Consci dell’enorme quantità di plastica presente nei nostri oceani e del fatto che solo un ventesimo dei rifiuti viene realmente riciclato, è sembrato doveroso cercare di ridurre il più possibile l’utilizzo di plastica eliminando gli imballaggi dei prodotti acquistati. Per cui si è deciso di comprare solamente prodotti senza confezionamento al mercato locale a km0 (limitando le emissioni nei trasporti degli alimenti), biologici e di stagione. La spesa quindi è stata fatta utilizzando buste in stoffa e trolley riutilizzabili, il tutto trasportato a piedi.

L’alimentazione è stata prevalentemente vegetariana limitando il consumo di prodotti di origine animale e derivati, poiché da quello che si è analizzato il ciclo di produzione della carne è il maggior contribuente alle emissioni di gas serra a livello globale. Questi dati sono stati raccolti dopo la visione del documentario “Cowspiracy” e tramite ricerche mirate.

Riguardo l’igiene personale, i ragazzi hanno autoprodotto in modo semplice e veloce dentifricio e deodorante, con ingredienti naturali in grande quantità a disposizione di tutti ed è stato chiesto di portare delle saponette naturali rivestite con la carta.

Per le pulizie si è cercato di utilizzare la stessa acqua il maggior numero di volte possibili partendo da quella di cottura, diluita poi con sgrassanti naturali come aceto limone e sale, a discapito dei prodotti industriali chimici e nocivi, servita per lavare i piatti ed infine i pavimenti, o per scaricare il water.

Durante questi quattro giorni i ragazzi si sono sempre spostati a piedi e per tragitti in cui era indispensabile la macchina si sono organizzati condividendo il viaggio o usufruendo dei trasporti pubblici.

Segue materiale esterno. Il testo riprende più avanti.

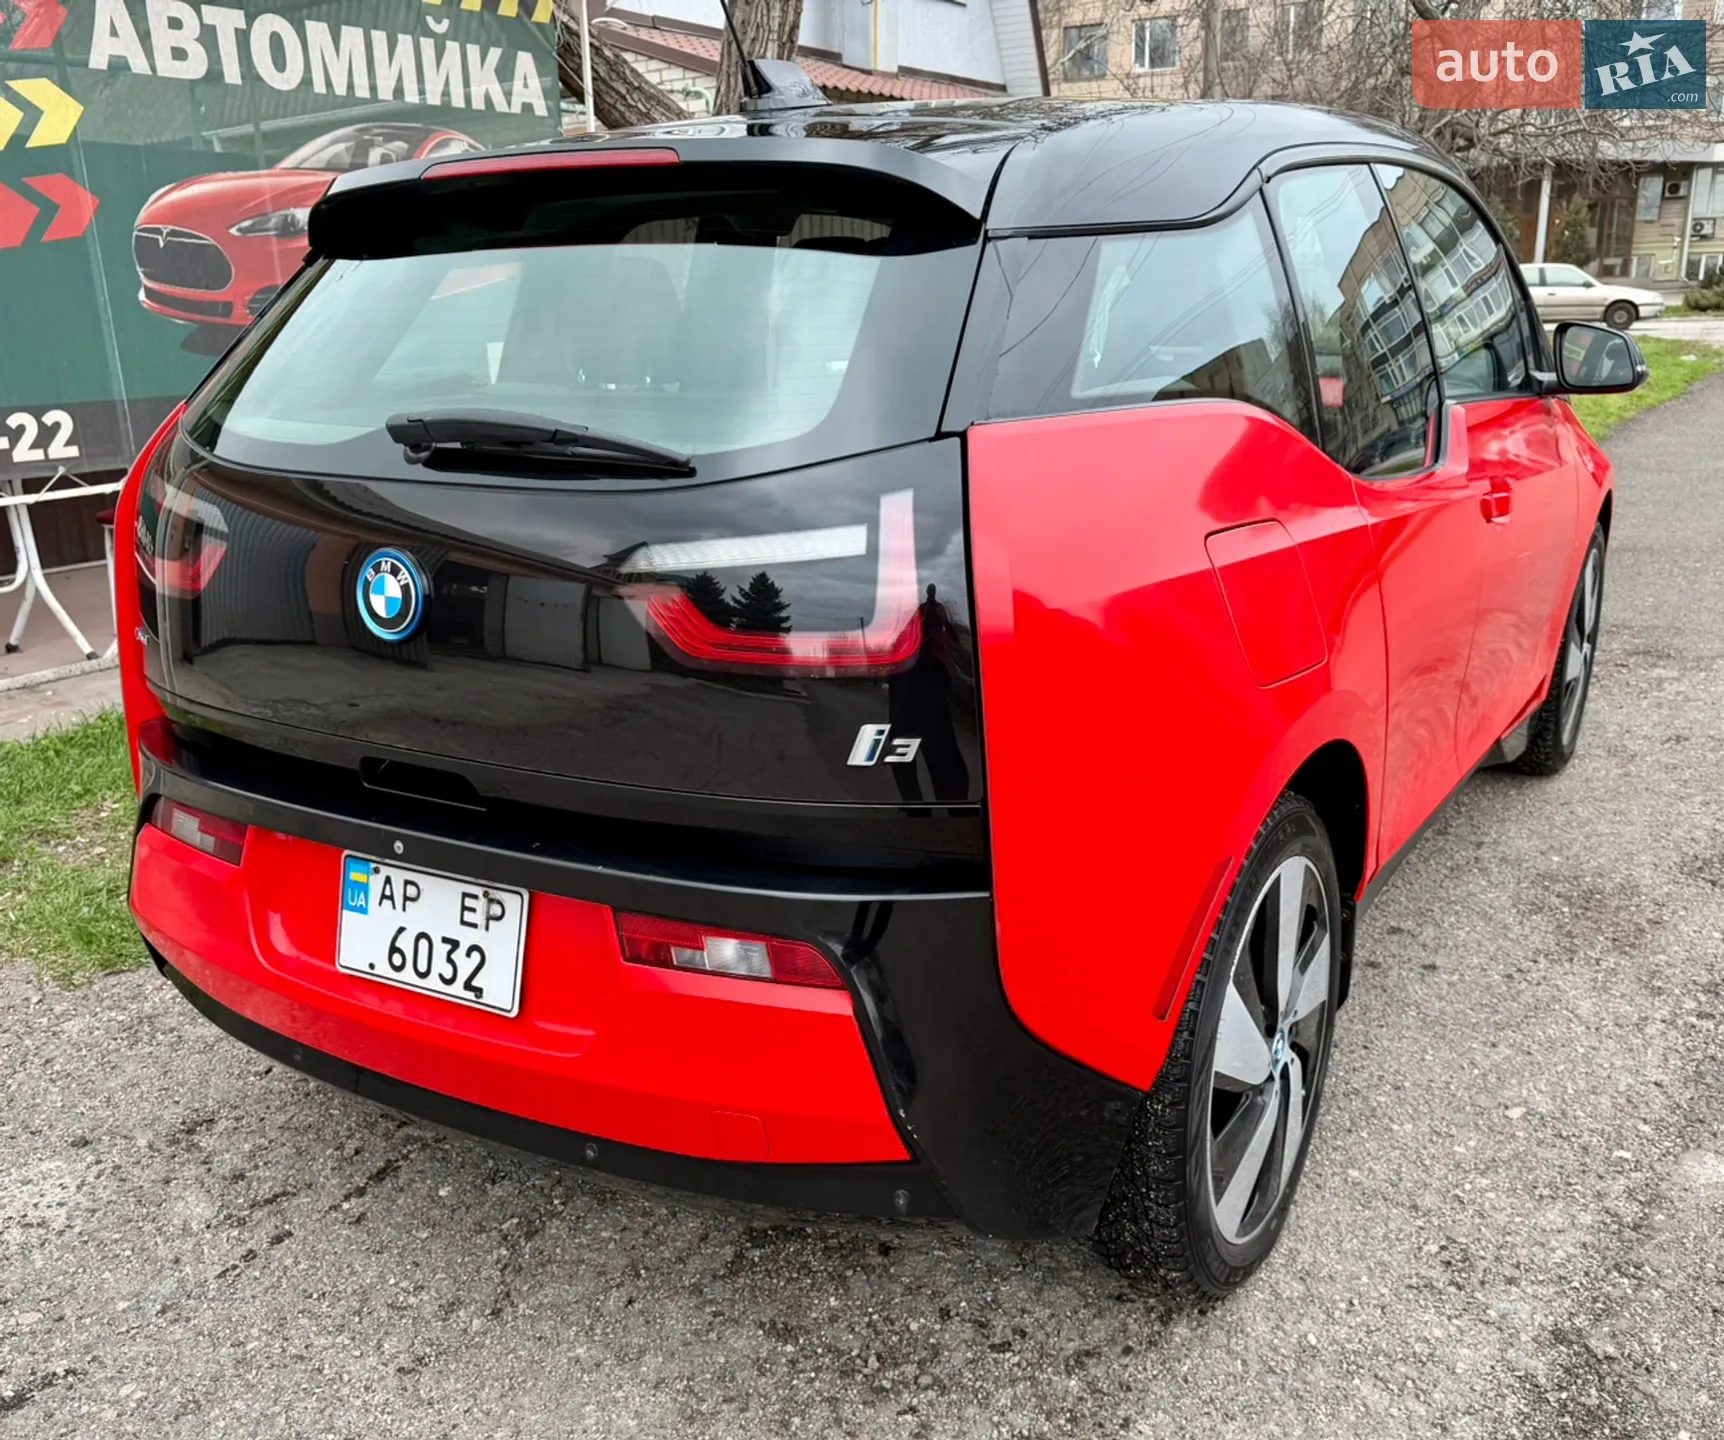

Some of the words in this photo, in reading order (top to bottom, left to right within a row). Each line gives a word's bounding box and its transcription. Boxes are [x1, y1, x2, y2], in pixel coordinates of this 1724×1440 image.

Per risparmiare sulle emissioni date dalla produzione di elettricità e dal riscaldamento, è stata posta attenzione al suo consumo, cercando di riunire i partecipanti in stanze comuni sia per le attività diurne che notturne.

Un’altra forma di risparmio si è applicata al non utilizzo del gas per l’acqua calda della doccia e dei termosifoni.

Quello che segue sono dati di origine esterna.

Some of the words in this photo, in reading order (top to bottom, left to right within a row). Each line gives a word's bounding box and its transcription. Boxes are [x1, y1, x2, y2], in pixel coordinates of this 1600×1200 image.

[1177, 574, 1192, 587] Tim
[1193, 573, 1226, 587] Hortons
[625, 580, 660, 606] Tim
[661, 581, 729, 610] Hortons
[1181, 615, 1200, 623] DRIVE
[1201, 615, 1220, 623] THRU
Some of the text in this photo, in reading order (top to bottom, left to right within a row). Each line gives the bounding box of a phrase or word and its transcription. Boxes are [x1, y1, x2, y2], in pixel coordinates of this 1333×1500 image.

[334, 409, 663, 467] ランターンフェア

Per sensibilizzare sul tema della produzione di rifiuti ad ogni partecipante è stato fornito un barattolo in cui porre la propria spazzatura, oltre alla raccolta differenziata dei rifiuti  comuni, così che alla fine della convivenza ognuno si rendesse conto del proprio impatto.

Tutti gli scarti di cibo della tavola e dalla cucina sono stati gettati in una compostiera, costruita per l’occasione durante una delle attività programmate, in attesa che diventino compost utile per l’orto sociale curato direttamente dal Centro Fonti San Lorenzo.

Un’altra esperienza è stata dedicata alla costruzione di un forno solare con dei prodotti riciclati e riciclabili.

Durante queste giornate sono state comunque riscontrate anche delle difficoltà: la prima è stata la spesa, perché la scelta del biologico e del locale impone un prezzo più alto e il trasporto a piedi ha implicato un dispendio maggiore di tempo ed energie visto il carico, anche se, tutto sommato, il tragitto è stata un’occasione di socialità. Ma il problema sicuramente più rilevante è stata la difficoltà nel reperire dei dati affidabili e veritieri sul livello di inquinamento e di impatto che tutti noi abbiamo sul nostro pianeta, dato che spesso le informazioni recuperate sono poche chiare, incomplete o non presentano la fonte.

Questo ha impedito la stesura di un articolo ben strutturato delle emissioni, utile per definire un resoconto completo e preciso sull’esperienza appena trascorsa. 

Durante questi giorni di convivenza si sono esplorati modelli positivi, abitudini virtuose e alternative sostenibili che ciascuno di noi potrebbe adottare (e qualcuno alla fine di questi 5 giorni ha anche scelto di farlo); eppure, la parte più interessante della convivenza è stato realizzare quanto lo stile di vita che si stava tenendo fosse poco compatibile con la realtà, i ritmi e i meccanismi della società contemporanea, e da questo ne è nata una riflessione:

è impossibile pensare di salvare il mondo semplicemente chiudendo l’acqua mentre ci si spazzola i denti o spegnendo una lampadina in una stanza vuota, quello che serve è invece un rinnovamento profondo della società in cui viviamo, un cambiamento che deve partire dalle idee dei cittadini e trovare ascolto nelle istituzioni. Insomma qualcosa di più impattante.